Up on the rim of the ditch I could see the flattened section of guardrail the Bug had smashed through, the path of destruction it had made rolling down the muddy slope through the bushes. The chaparral I'd been thrown into was about thirty feet from the first point of impact on the slope. I was trying to figure out
how I'd ended up there in one piece.
"You got lucky." Ozzie's pale blue eyes were cold with anger and frustration. "Luckier than Berton, anyway."
"You offered to help," I reminded Ozzie. "I need to know where to find Chich Gutierrez."
The mechanics attached the first hook to the VW's fender and pulled the line tight. Metal groaned. I think maybe I did, too.
Gerson lifted his left arm stiffly, testing the muscles. The bandages under his uniform shirt crinkled. "You sure that's your job — taking revenge?"
"Anything I needed, you said."
"I don't want you getting killed on my watch, Tres. Your father'd haunt me forever."
The tow-truck guys started their winch motor. More groaning metal. The motor bellowed like a wounded sea lion but made no discernible progress getting the VW out of the muck.
"Tell me everything," Ozzie said.
I told him about the SWAT raid at Hector Mara's house; the George Berton cigar wrapper in Sandra's closet; the white van I'd chased down Riverside. I told him, too, about Ray Lozano's read of the crime scene at Palo Blanco.
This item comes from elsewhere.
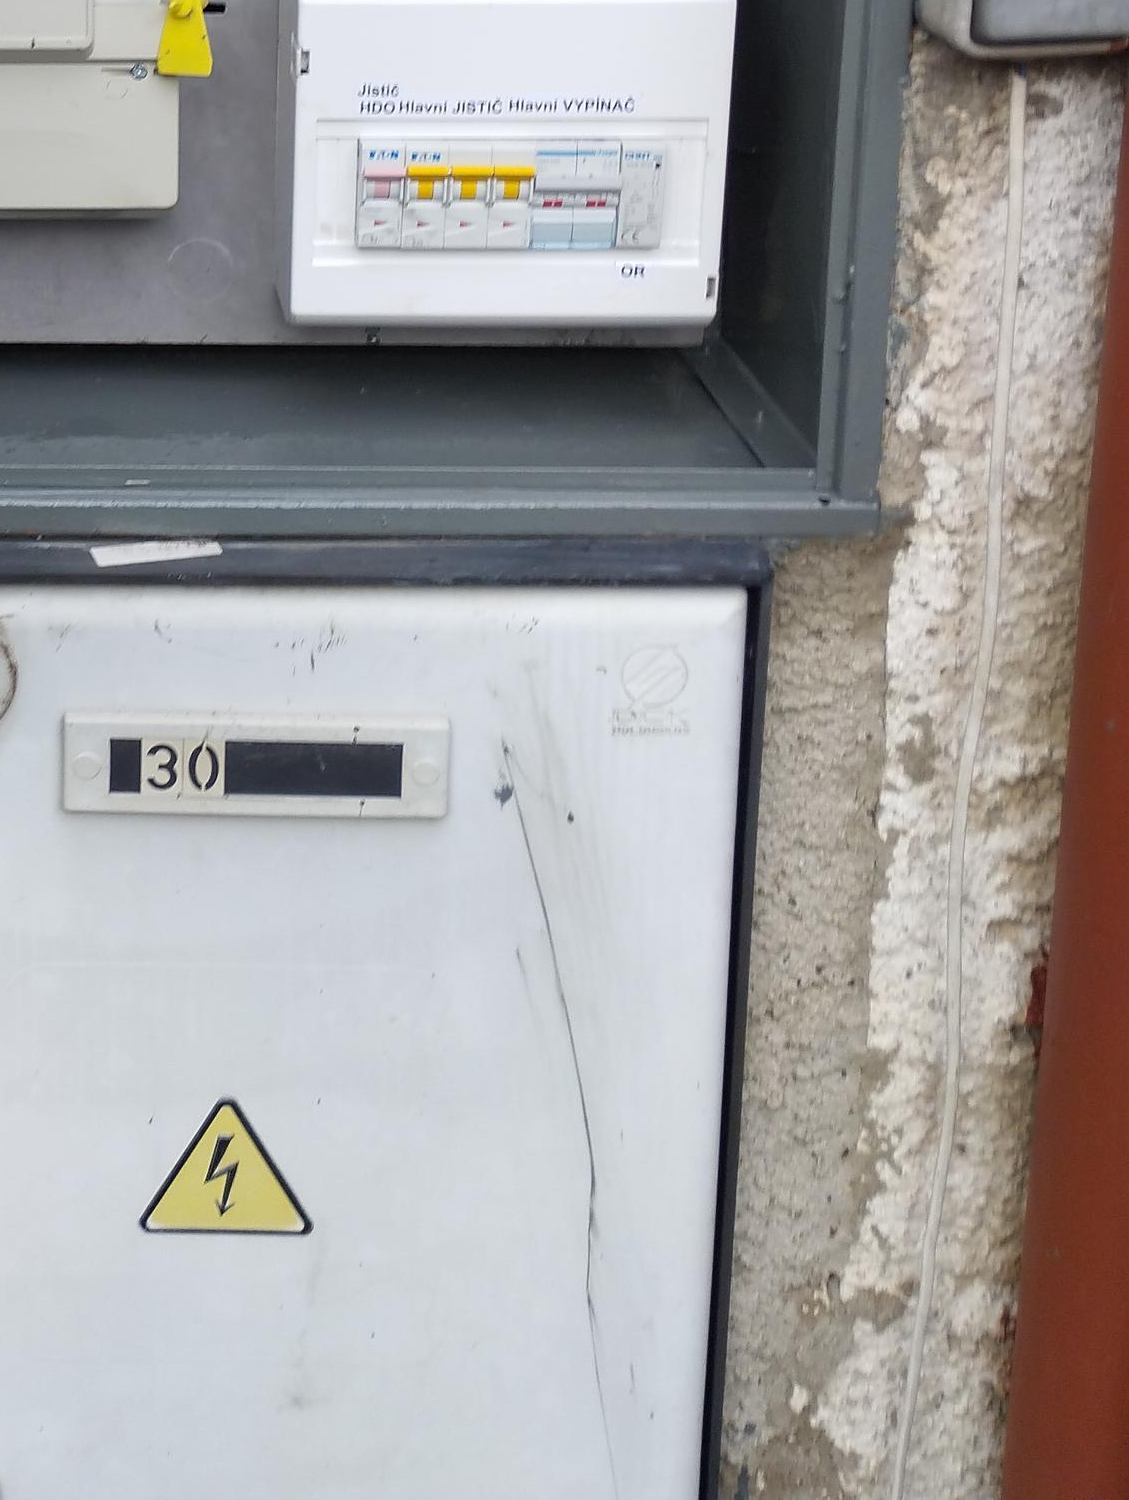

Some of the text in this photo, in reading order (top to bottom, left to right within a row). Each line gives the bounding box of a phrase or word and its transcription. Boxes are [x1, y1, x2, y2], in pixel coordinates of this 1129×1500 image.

"George found out something about the Brandon murder," I said. "Something that bothered him enough to try solving it quietly, on his own. He talked to Hector Mara at the Poco Mas on Wednesday. Then he had another meeting with Mara last night. He and Hector were coming to some kind of agreement. I don't know what it was, but George intended to have the case wrapped up with Mara's help by the time Erainya and I showed. The guys in the white van didn't let it happen."
Ozzie moved his arm again, swore softly. "If George was trying to get Hector Mara to sell out Chich Gutierrez, you can bet Chich would get wind of it. Chich would've had men shadowing Hector. They would've seen him go into George's house and known it was time to hit."